> [TASK INSTRUCTIONS]
Produce an exact transcription of the data, with the images left out.

> [DATA SHOWN]

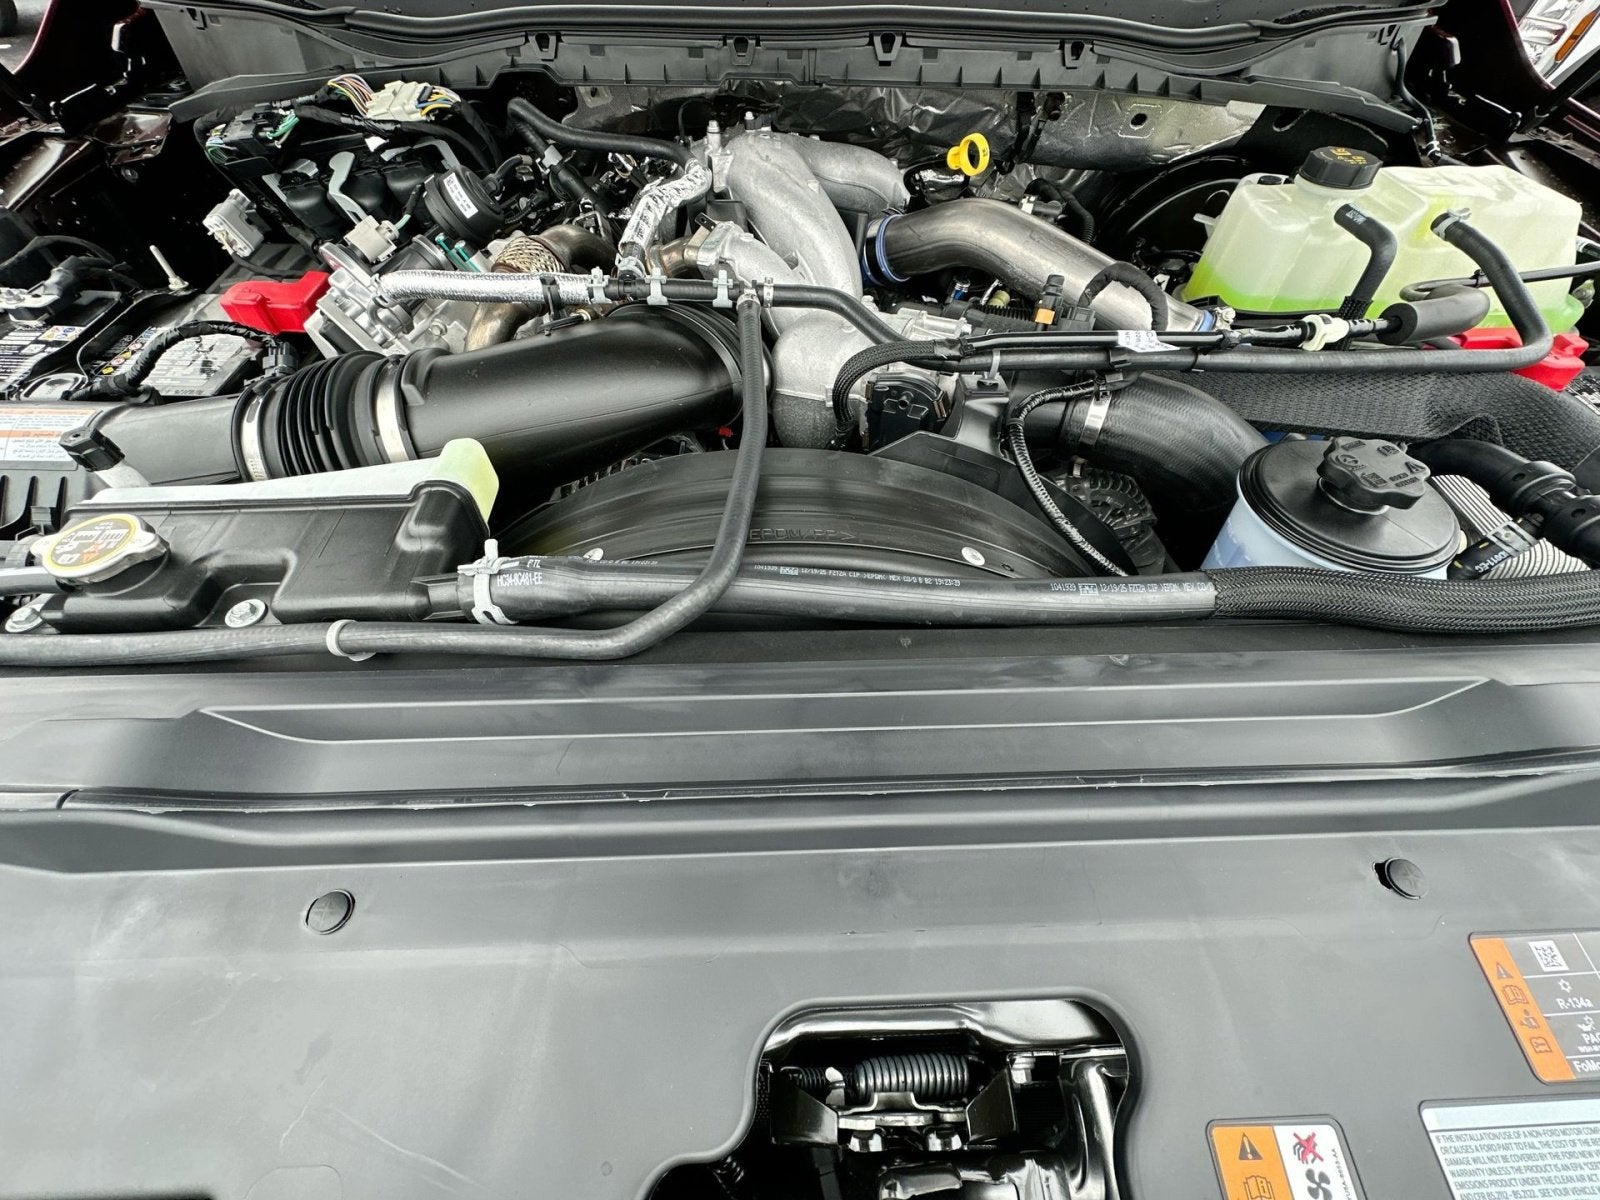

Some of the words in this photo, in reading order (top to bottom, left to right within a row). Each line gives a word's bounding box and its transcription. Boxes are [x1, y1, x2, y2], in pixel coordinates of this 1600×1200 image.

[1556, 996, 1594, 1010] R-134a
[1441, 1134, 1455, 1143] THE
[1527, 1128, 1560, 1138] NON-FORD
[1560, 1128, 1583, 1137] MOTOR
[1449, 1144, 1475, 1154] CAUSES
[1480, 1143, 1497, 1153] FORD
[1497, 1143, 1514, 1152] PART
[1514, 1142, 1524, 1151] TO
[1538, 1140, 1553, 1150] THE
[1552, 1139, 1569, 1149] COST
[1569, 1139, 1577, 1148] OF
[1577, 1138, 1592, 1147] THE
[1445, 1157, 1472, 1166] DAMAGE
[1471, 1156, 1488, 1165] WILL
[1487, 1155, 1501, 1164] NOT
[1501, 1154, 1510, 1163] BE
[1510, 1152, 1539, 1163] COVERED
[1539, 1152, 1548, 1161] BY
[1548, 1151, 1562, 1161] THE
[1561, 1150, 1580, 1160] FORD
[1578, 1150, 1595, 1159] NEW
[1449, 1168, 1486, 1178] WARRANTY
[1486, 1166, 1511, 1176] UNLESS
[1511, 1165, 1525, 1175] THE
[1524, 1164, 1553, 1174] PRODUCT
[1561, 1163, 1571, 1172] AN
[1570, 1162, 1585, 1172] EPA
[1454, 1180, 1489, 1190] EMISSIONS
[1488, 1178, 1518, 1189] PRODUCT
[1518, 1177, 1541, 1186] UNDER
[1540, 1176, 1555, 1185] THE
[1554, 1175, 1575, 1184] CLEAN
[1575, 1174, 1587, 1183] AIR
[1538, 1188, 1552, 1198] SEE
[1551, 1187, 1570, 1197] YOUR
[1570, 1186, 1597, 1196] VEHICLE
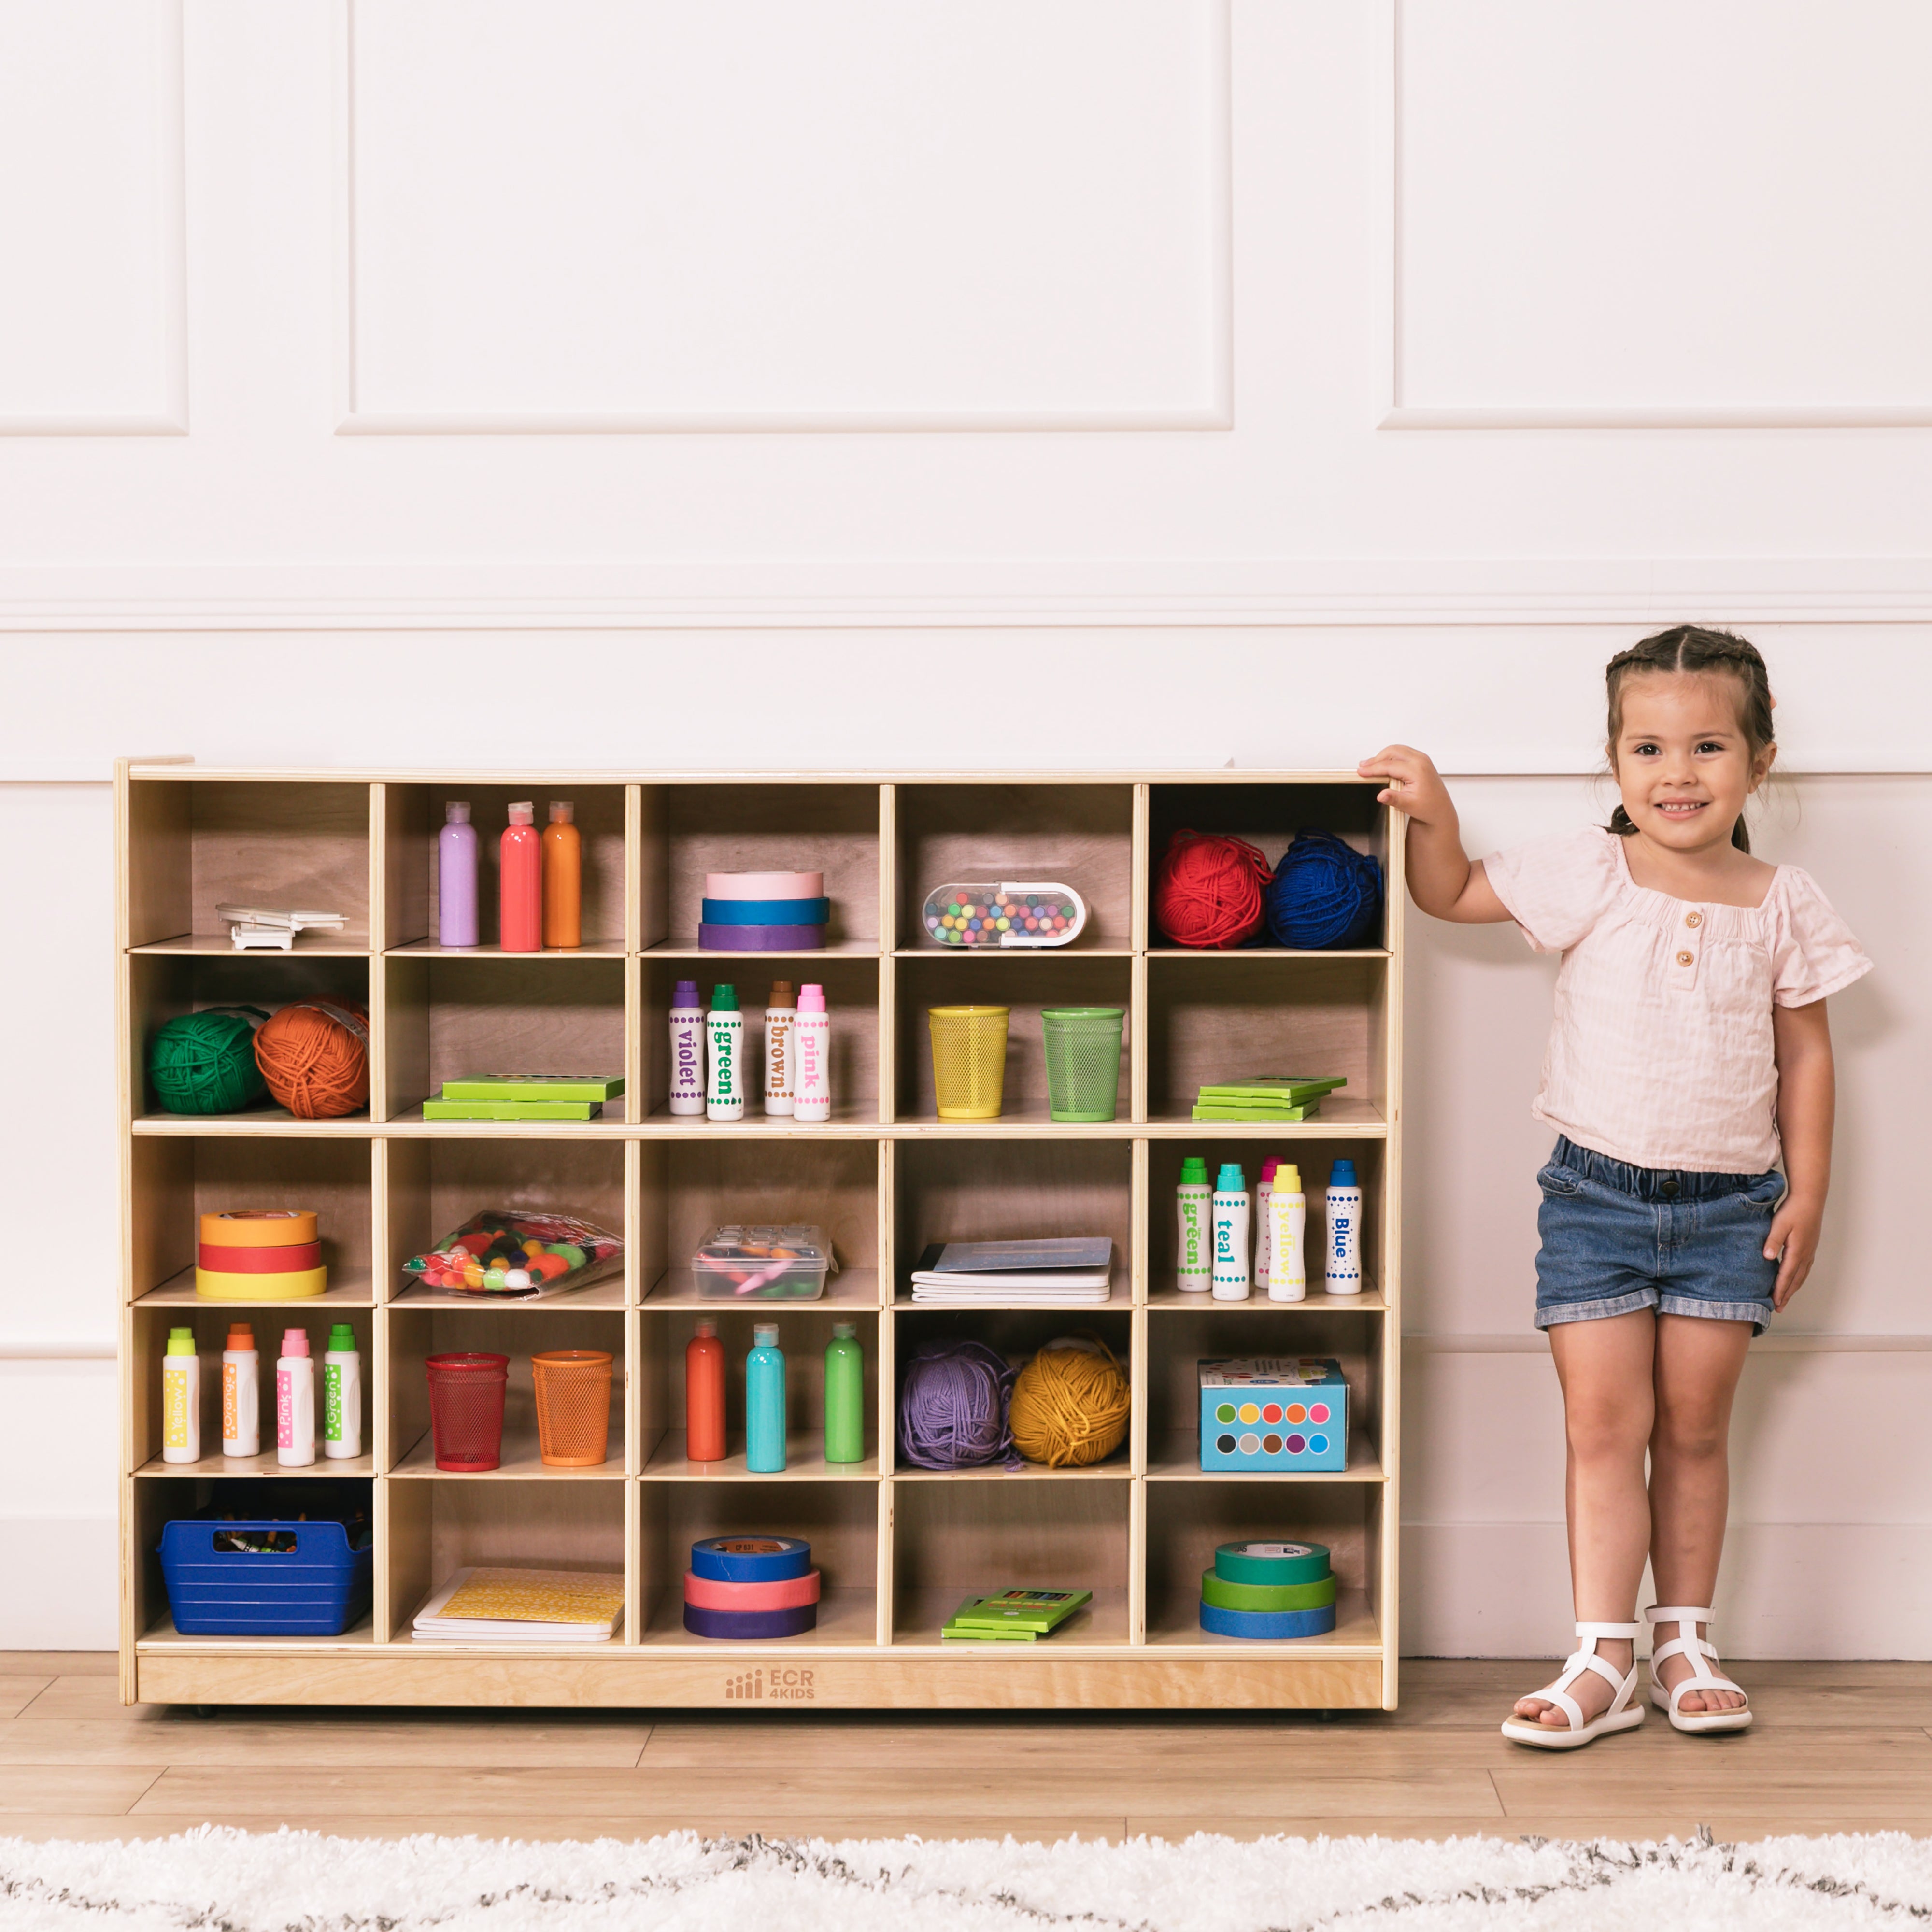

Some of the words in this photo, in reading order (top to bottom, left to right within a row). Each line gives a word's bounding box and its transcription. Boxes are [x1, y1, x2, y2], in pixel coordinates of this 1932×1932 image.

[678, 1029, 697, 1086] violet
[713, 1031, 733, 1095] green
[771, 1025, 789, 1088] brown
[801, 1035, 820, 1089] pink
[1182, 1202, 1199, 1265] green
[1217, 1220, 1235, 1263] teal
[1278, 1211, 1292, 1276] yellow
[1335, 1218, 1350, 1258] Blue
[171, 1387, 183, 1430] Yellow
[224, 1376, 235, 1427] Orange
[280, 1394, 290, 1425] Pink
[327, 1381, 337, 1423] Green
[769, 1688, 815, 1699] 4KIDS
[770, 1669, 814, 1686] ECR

> [RESPONSE]
Some of the words in this photo, in reading order (top to bottom, left to right within a row). Each line gives a word's bounding box and its transcription. Boxes are [x1, y1, x2, y2], in pixel coordinates of this 1600×1200 image.

[1556, 996, 1594, 1010] R-134a
[1441, 1134, 1455, 1143] THE
[1527, 1128, 1560, 1138] NON-FORD
[1560, 1128, 1583, 1137] MOTOR
[1449, 1144, 1475, 1154] CAUSES
[1480, 1143, 1497, 1153] FORD
[1497, 1143, 1514, 1152] PART
[1514, 1142, 1524, 1151] TO
[1538, 1140, 1553, 1150] THE
[1552, 1139, 1569, 1149] COST
[1569, 1139, 1577, 1148] OF
[1577, 1138, 1592, 1147] THE
[1445, 1157, 1472, 1166] DAMAGE
[1471, 1156, 1488, 1165] WILL
[1487, 1155, 1501, 1164] NOT
[1501, 1154, 1510, 1163] BE
[1510, 1152, 1539, 1163] COVERED
[1539, 1152, 1548, 1161] BY
[1548, 1151, 1562, 1161] THE
[1561, 1150, 1580, 1160] FORD
[1578, 1150, 1595, 1159] NEW
[1449, 1168, 1486, 1178] WARRANTY
[1486, 1166, 1511, 1176] UNLESS
[1511, 1165, 1525, 1175] THE
[1524, 1164, 1553, 1174] PRODUCT
[1561, 1163, 1571, 1172] AN
[1570, 1162, 1585, 1172] EPA
[1454, 1180, 1489, 1190] EMISSIONS
[1488, 1178, 1518, 1189] PRODUCT
[1518, 1177, 1541, 1186] UNDER
[1540, 1176, 1555, 1185] THE
[1554, 1175, 1575, 1184] CLEAN
[1575, 1174, 1587, 1183] AIR
[1538, 1188, 1552, 1198] SEE
[1551, 1187, 1570, 1197] YOUR
[1570, 1186, 1597, 1196] VEHICLE

Some of the words in this photo, in reading order (top to bottom, left to right within a row). Each line gives a word's bounding box and its transcription. Boxes are [x1, y1, x2, y2], in pixel coordinates of this 1932×1932 image.

[678, 1029, 697, 1086] violet
[713, 1031, 733, 1095] green
[771, 1025, 789, 1088] brown
[801, 1035, 820, 1089] pink
[1182, 1202, 1199, 1265] green
[1217, 1220, 1235, 1263] teal
[1278, 1211, 1292, 1276] yellow
[1335, 1218, 1350, 1258] Blue
[171, 1387, 183, 1430] Yellow
[224, 1376, 235, 1427] Orange
[280, 1394, 290, 1425] Pink
[327, 1381, 337, 1423] Green
[769, 1688, 815, 1699] 4KIDS
[770, 1669, 814, 1686] ECR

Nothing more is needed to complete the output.